Superbonus ridotto in attesa di chiarimenti

La riduzione dell’aliquota dal 110% al 90% dal prossimo anno è prevista dal decreto Aiuti quater. Introdotta anche la stretta sulle villette che potranno accedere al bonus solo se prima casa e purché il proprietario rientrano nel limite di reddito familiare di 15.000 euro. Sul quest’ultimo punto in particolare si attendono chiarimenti.

Bonus facciate solo fino a fine anno

Si prepara invece un addio senza rimpianti per il bonus facciate. La detrazione per gli interventi legati al decoro architettonico, inizialmente del 90% ridotta quest’anno al 60%, è infatti nel mirino dell’Agenzia delle entrate per aver fatto registrare il maggior numero di truffe per crediti ceduti senza aver effettuato alcun lavoro. Criticata anche la mancata previsione di un tetto massimo di spesa agevolabile e, fino ad un anno fa, l’esenzione dalle asseverazioni.

Chiesta la proroga per l’abbattimento delle barriere architettoniche al 75%

Per l’abbattimento delle barriere architettoniche per il solo anno 2022 è stato previsto un bonus del 75% per installazione di ascensori, pedane, montascale, e, in generale, per tutti gli interventi volti a migliorare l’accessibilità e la mobilità all’interno degli edifici. Previsto un meccanismo simile al Superbonus con tetto di spesa a 50.000 euro per le villette, e a 40.000 ad appartamento per i lavori condominiali. Obbligatoria la certificazione dell’intervento a norma della legge 13/1989 sulle barriere architettoniche. Per questo bonus è stata richiesta la proroga. In alternativa dal 2023 sarà comunque possibile usufruire della detrazione del 50% nell’ambito del bonus casa.

Ristrutturazioni, ecobonus e sismabonus

Per le ristrutturazioni l’aliquota al 50% è prevista attualmente fino alla fine del 2024,così come resta fissata al 65% l’aliquota per gli interventi di ecobonus. A questi bonus possono accedere anche  i proprietari delle  villette, senza limiti di reddito e di utilizzo dell’abitazione. Possibile quindi ottere  il sismabonus del 70% o dell’80% in caso di interventi che migliorano la classe di rischio nelle zone sismiche 1,2, e 3. Confermato anche il bonus dell’85% per chi acquista nelle stesse zone appartamenti all’interno di edifici completamente ristrutturati da impresa. 

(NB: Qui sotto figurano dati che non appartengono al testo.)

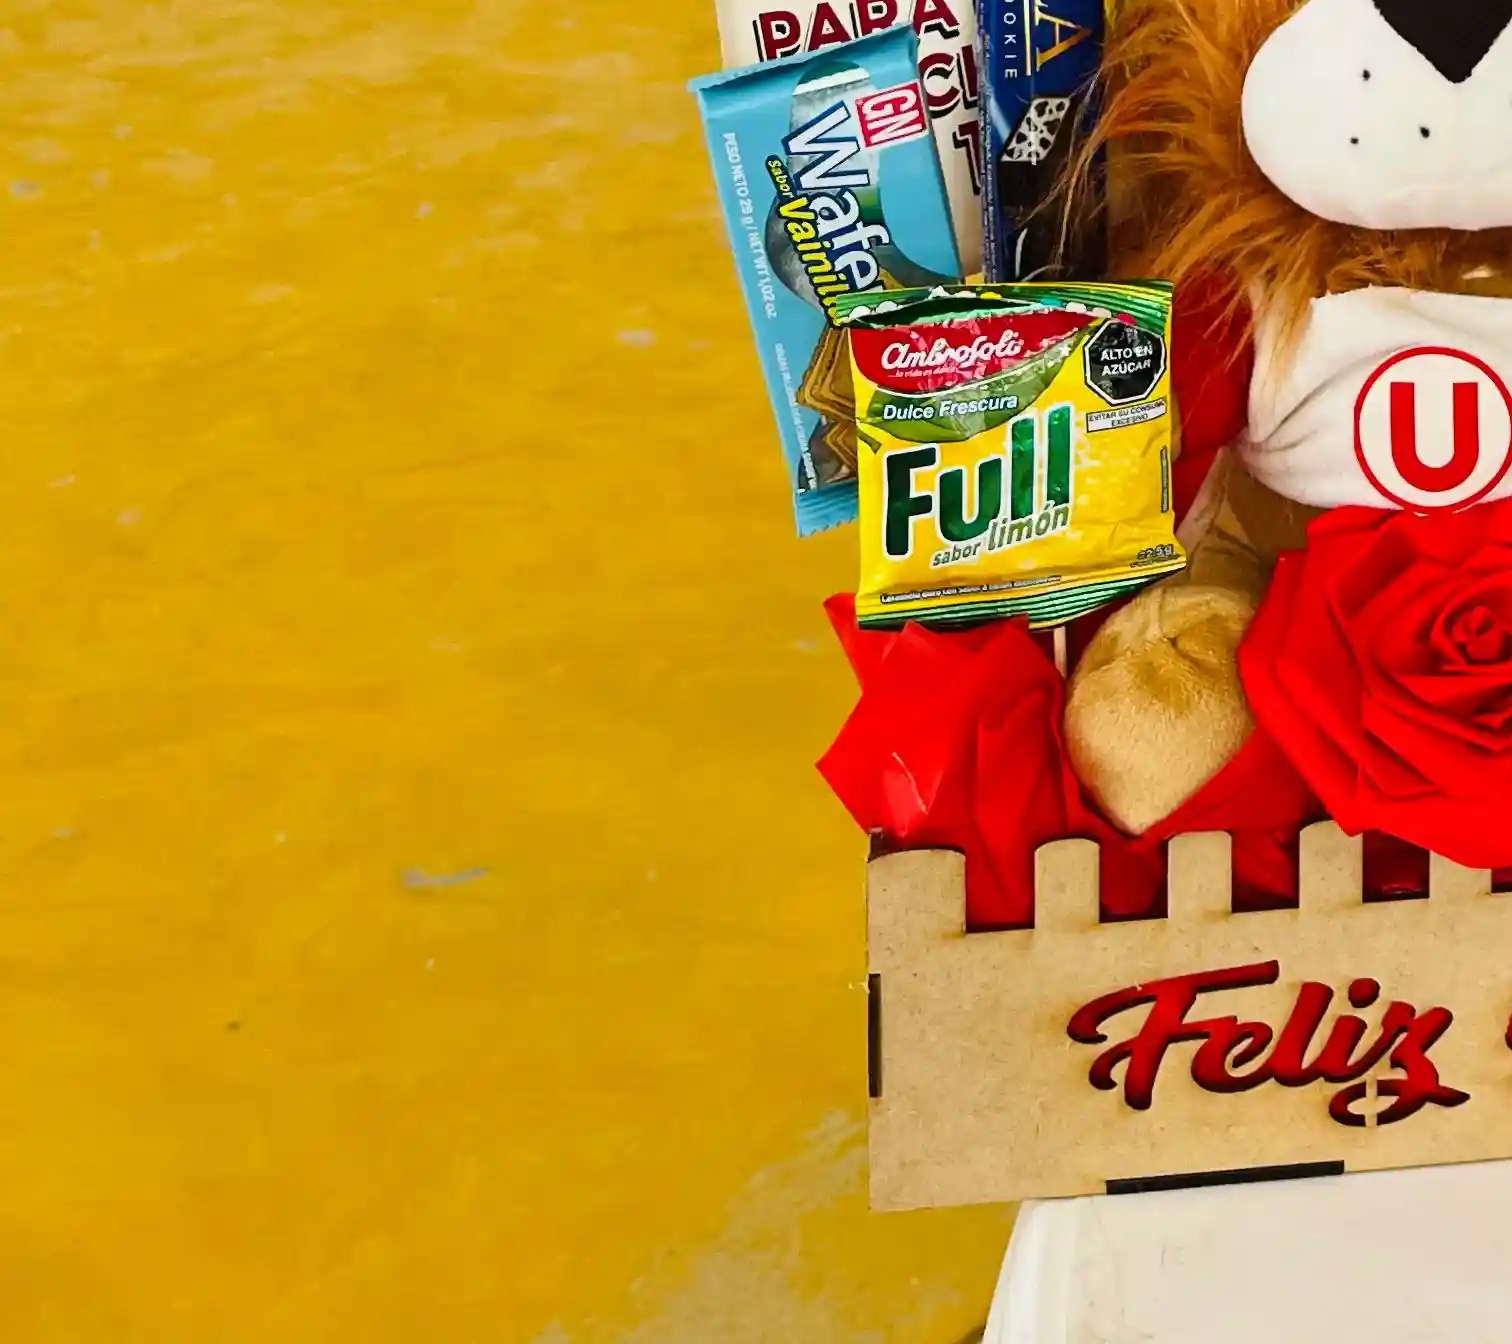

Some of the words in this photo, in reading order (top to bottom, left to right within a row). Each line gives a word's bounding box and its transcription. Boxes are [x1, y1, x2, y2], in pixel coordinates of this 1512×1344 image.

[731, 164, 749, 198] NETO
[767, 158, 794, 199] Sabor
[781, 99, 890, 294] Wafe
[1101, 348, 1132, 361] ALTO
[1134, 343, 1153, 357] EN
[1102, 359, 1151, 376] AZÚCAR
[883, 404, 935, 420] Dulce
[939, 395, 1018, 417] Frescura
[1389, 381, 1480, 493] U
[885, 405, 1072, 556] Full
[932, 542, 982, 567] sabor
[987, 498, 1069, 551] limón
[1066, 959, 1471, 1127] Feliz
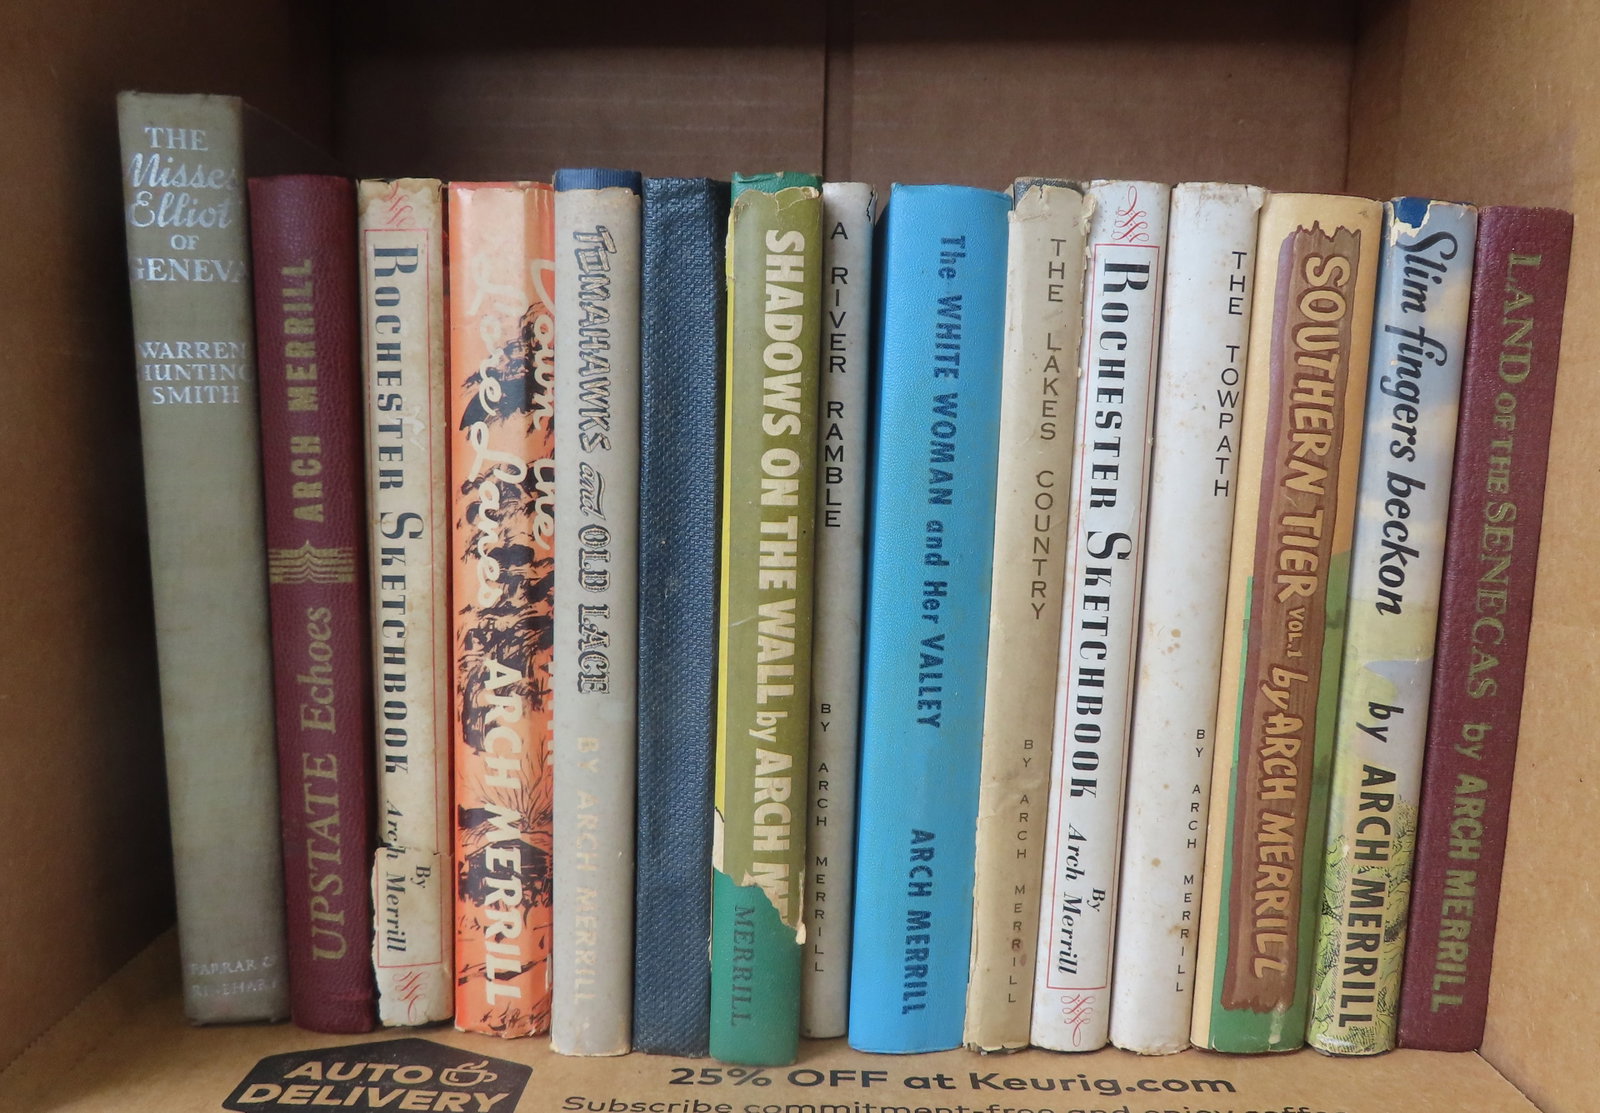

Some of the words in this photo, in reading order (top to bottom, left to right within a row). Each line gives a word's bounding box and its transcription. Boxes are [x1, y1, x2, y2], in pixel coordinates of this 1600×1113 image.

[145, 127, 208, 151] THE
[128, 190, 233, 228] Elliot
[170, 234, 200, 250] OF
[830, 222, 849, 240] A
[938, 235, 967, 280] The
[1048, 238, 1067, 303] THE
[1228, 251, 1248, 316] THE
[1396, 231, 1458, 314] Slim
[139, 341, 247, 359] WARREN
[282, 259, 318, 411] MERRILL
[573, 225, 618, 455] TOMAHAWKS
[761, 229, 805, 437] SHADOWS
[829, 267, 849, 374] RIVER
[933, 294, 963, 380] WHITE
[1500, 252, 1542, 385] LAND
[151, 385, 240, 405] SMITH
[373, 244, 418, 490] ROCHESTER
[1039, 332, 1062, 442] LAKES
[1089, 258, 1151, 510] ROCHESTER
[1284, 254, 1352, 496] SOUTHERN
[1380, 325, 1448, 464] fingers
[1492, 391, 1519, 428] OF
[824, 401, 845, 529] RAMBLE
[928, 391, 959, 506] WOMAN
[1213, 344, 1240, 498] TOWPATH
[290, 435, 324, 523] ARCH
[578, 462, 607, 521] and
[760, 448, 802, 506] ON
[1486, 437, 1513, 495] THE
[468, 421, 527, 608] Lanes
[578, 522, 612, 594] OLD
[758, 516, 799, 591] THE
[925, 520, 950, 567] and
[1031, 470, 1055, 620] COUNTRY
[1276, 508, 1323, 604] TIER
[1375, 470, 1426, 617] beckon
[380, 511, 424, 774] SKETCHBOOK
[921, 580, 949, 623] Her
[1465, 499, 1517, 698] SENECAS
[297, 606, 336, 734] Echoes
[577, 603, 612, 695] LACE
[756, 597, 797, 704] WALL
[916, 633, 946, 730] VALLEY
[1069, 530, 1133, 799] SKETCHBOOK
[1260, 664, 1308, 715] by
[483, 656, 523, 790] ARCH
[575, 737, 599, 774] BY
[750, 711, 787, 743] by
[820, 703, 831, 733] BY
[1022, 739, 1033, 768] BY
[1195, 729, 1205, 758] BY
[1259, 712, 1303, 801] ARCH
[1356, 701, 1404, 743] by
[1454, 722, 1492, 758] by
[385, 800, 406, 859] Arch
[575, 790, 599, 873] ARCH
[753, 747, 793, 851] ARCH
[815, 762, 829, 827] ARCH
[1016, 794, 1030, 859] ARCH
[1187, 784, 1201, 849] ARCH
[1353, 764, 1396, 861] ARCH
[1448, 772, 1487, 861] ARCH
[302, 753, 348, 962] UPSTATE
[410, 865, 432, 890] By
[908, 828, 935, 898] ARCH
[1066, 823, 1088, 882] Arch
[1253, 811, 1295, 979] MERRILL
[385, 863, 407, 953] Merrill
[483, 801, 523, 1006] MERRILL
[573, 883, 599, 1005] MERRILL
[814, 856, 828, 973] MERRILL
[1007, 884, 1026, 1004] MERRILL
[1058, 885, 1083, 975] Merrill
[1087, 887, 1106, 913] By
[1175, 874, 1194, 993] MERRILL
[1430, 868, 1477, 1014] MERRILL
[731, 905, 755, 1026] MERRILL
[901, 909, 931, 1016] MERRILL
[1339, 876, 1386, 1028] MERRILL
[236, 1083, 510, 1113] DELIVERY
[283, 1061, 433, 1084] AUTO
[561, 1096, 733, 1113] Subscribe
[669, 1068, 773, 1087] 25%
[787, 1069, 889, 1088] OFF
[903, 1072, 957, 1090] at
[969, 1072, 1237, 1096] Keurig.com
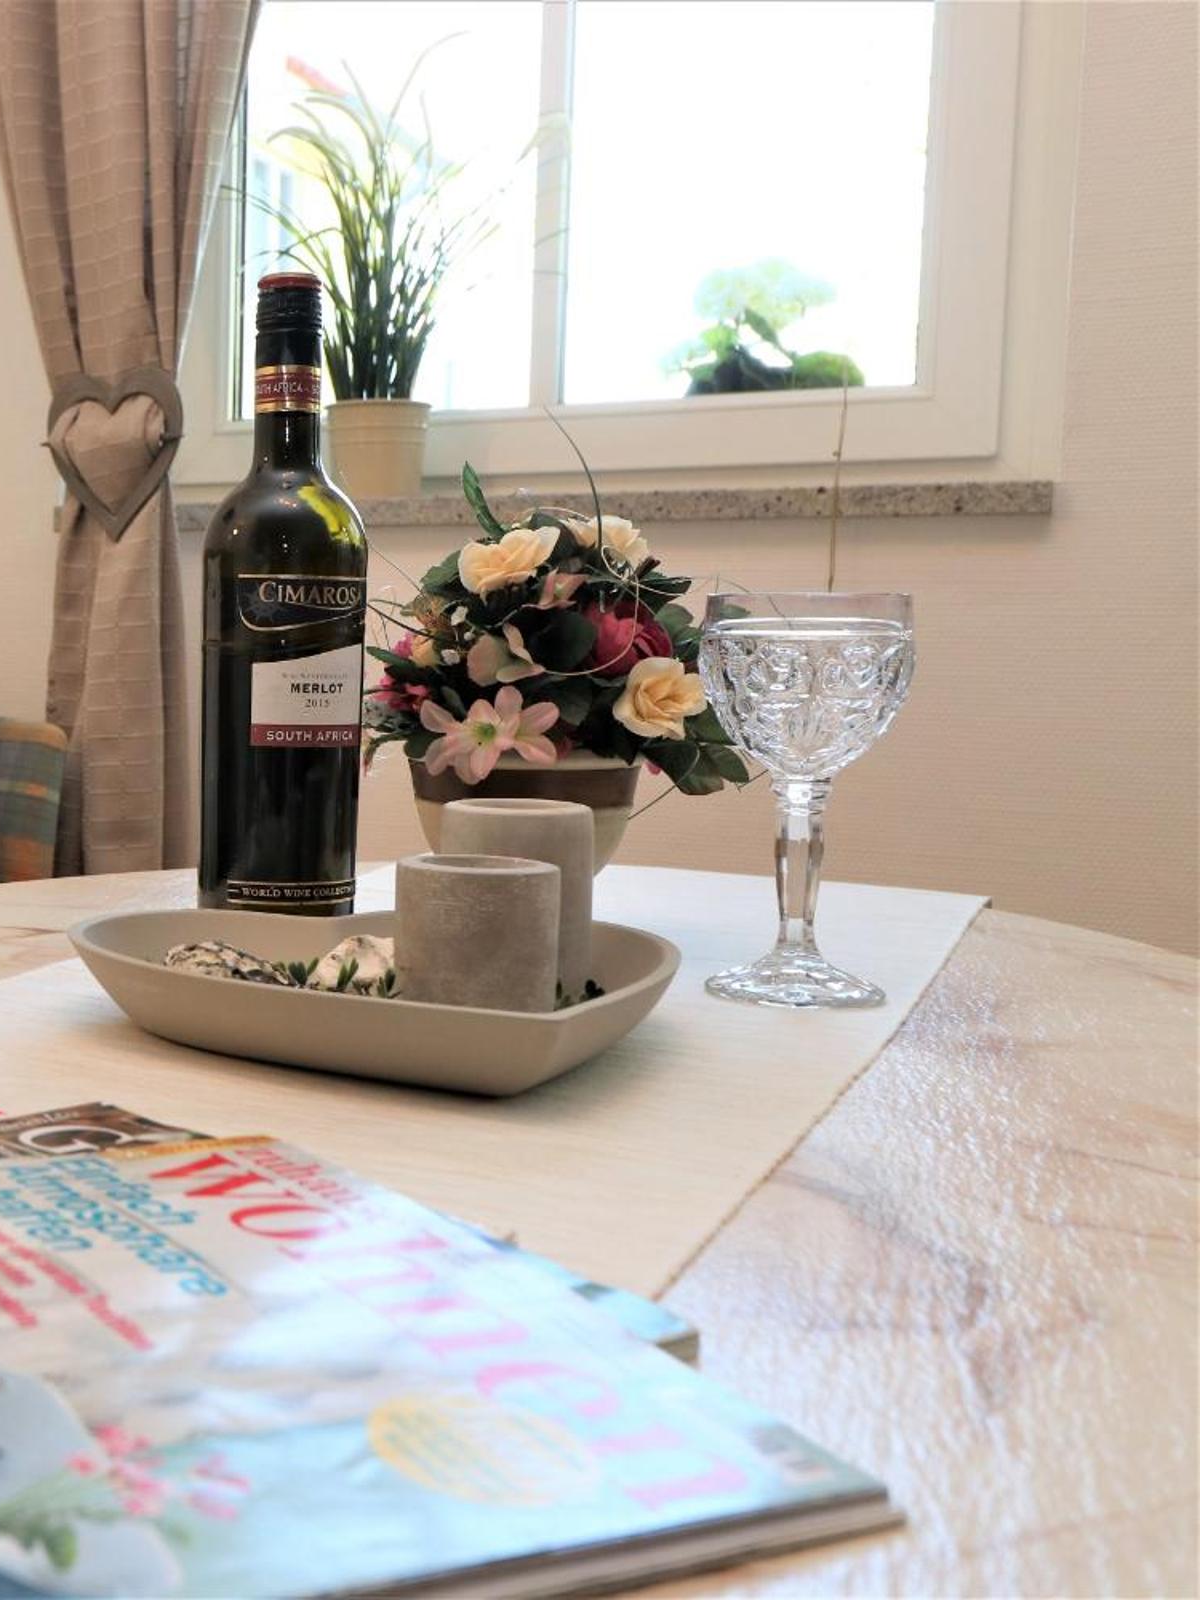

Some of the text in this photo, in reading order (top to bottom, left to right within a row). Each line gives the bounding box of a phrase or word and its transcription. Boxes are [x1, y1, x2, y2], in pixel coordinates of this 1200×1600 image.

Cessione del credito sempre ammessa

Se non ci saranno novità dell’ultima ora resta confermata, per tutte le detrazioni appena viste, la possibilità di optare per la cessione del credito in alternativa alla riduzione dell’Irpef. Al momento la possibilità di cedere i crediti alle banche è bloccata, resta quindi l’unica alternativa dello sconto in fattura per chi non vuole o non può usufruire della detrazione.

Bonus mobili e bonus verde

Tra gli altri bonus “minori” in vigore dino al 2024 dicembre troviamo poi il bonus mobili e il bonus verde. Per l’acquisto di  arredi ed elettrodomestici nel 2023 è già prevista la riduzione da 10.000 a 5.000 del massimo di spesa ammessa  a detrazione. II bonus spetta solo a chi effettuato lavori di ristrutturazione nell’anno, o li ha fatto l’anno prima.  In questo secondo caso la spesa ammessa va considerata al netto degli acquisti dell’anno precedente. Quindi chi avesse già speso nel 2022 più di 5.000 euro non potrà ottenere un nuovo bonus da 5.000 euro nel 2023, avendo già superato il massimo previsto.
Pari a 5.000 euro anche il tetto di spesa del bonus verde, per il quale è riconosciuta la detrazione  del 36% in dieci anni. Il bonus spetta una sola volta per immobile, e non può essere richiesto nuovamente anche se si fanno altri interventi straordinari su giardini e terrazze.

Addio al bonus acqua potabile

In mancanza di proroghe, invece, con il 31 dicembre 2022 è destinato a sparire il bonus acqua potabile, ossia il credito d’imposta del 50% delle spese sostenute per l’acquisto e l’installazione di sistemi di filtraggio e  mineralizzazione finalizzati al miglioramento dell’acqua domestica. Il bonus è stato in vigore per due anni.